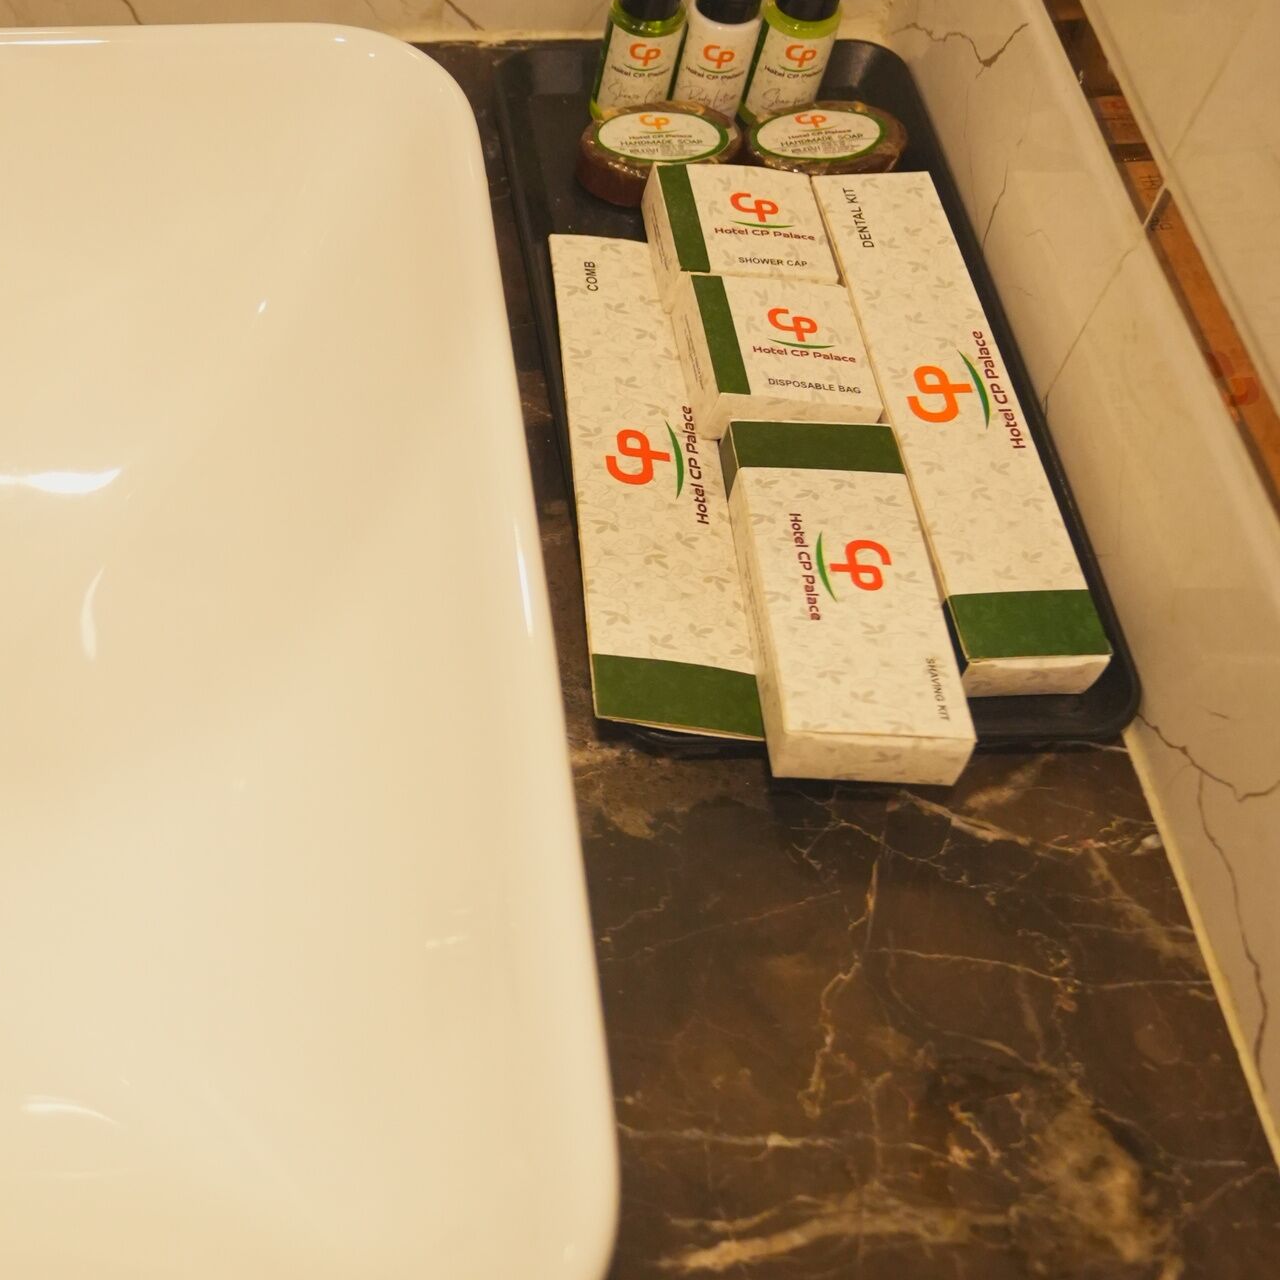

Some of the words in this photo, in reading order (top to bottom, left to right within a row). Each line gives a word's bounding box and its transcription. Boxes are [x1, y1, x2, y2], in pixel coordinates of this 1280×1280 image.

[780, 135, 832, 147] HANDMADE
[837, 132, 864, 141] SOAP
[842, 187, 859, 204] KIT
[714, 227, 749, 236] Hotel
[751, 229, 770, 237] CP
[773, 230, 816, 241] Palace
[851, 206, 875, 248] DENTAL
[738, 256, 784, 266] SHOWER
[786, 259, 808, 268] CAP
[583, 261, 599, 292] COMB
[752, 345, 788, 356] Hotel
[791, 349, 810, 358] CP
[813, 351, 857, 364] Palace
[972, 330, 999, 380] Palace
[768, 377, 836, 392] DISPOSABLE
[838, 384, 862, 395] BAG
[989, 383, 1009, 405] CP
[682, 405, 699, 454] Palace
[998, 408, 1026, 449] Hotel
[687, 457, 702, 480] CP
[690, 483, 709, 525] Hotel
[789, 513, 809, 548] Hotel
[797, 551, 813, 571] CP
[802, 574, 822, 621] Palace
[925, 658, 946, 702] SHAVING
[937, 704, 951, 721] KIT
-----
WORK TO COMPLETE → In your copy of the data above, leave out the pictures and repeat everything else exactly.

SOLUTION TO THIS TASK →
Some of the words in this photo, in reading order (top to bottom, left to right within a row). Each line gives a word's bounding box and its transcription. Boxes are [x1, y1, x2, y2], in pixel coordinates of this 1280×1280 image.

[780, 135, 832, 147] HANDMADE
[837, 132, 864, 141] SOAP
[842, 187, 859, 204] KIT
[714, 227, 749, 236] Hotel
[751, 229, 770, 237] CP
[773, 230, 816, 241] Palace
[851, 206, 875, 248] DENTAL
[738, 256, 784, 266] SHOWER
[786, 259, 808, 268] CAP
[583, 261, 599, 292] COMB
[752, 345, 788, 356] Hotel
[791, 349, 810, 358] CP
[813, 351, 857, 364] Palace
[972, 330, 999, 380] Palace
[768, 377, 836, 392] DISPOSABLE
[838, 384, 862, 395] BAG
[989, 383, 1009, 405] CP
[682, 405, 699, 454] Palace
[998, 408, 1026, 449] Hotel
[687, 457, 702, 480] CP
[690, 483, 709, 525] Hotel
[789, 513, 809, 548] Hotel
[797, 551, 813, 571] CP
[802, 574, 822, 621] Palace
[925, 658, 946, 702] SHAVING
[937, 704, 951, 721] KIT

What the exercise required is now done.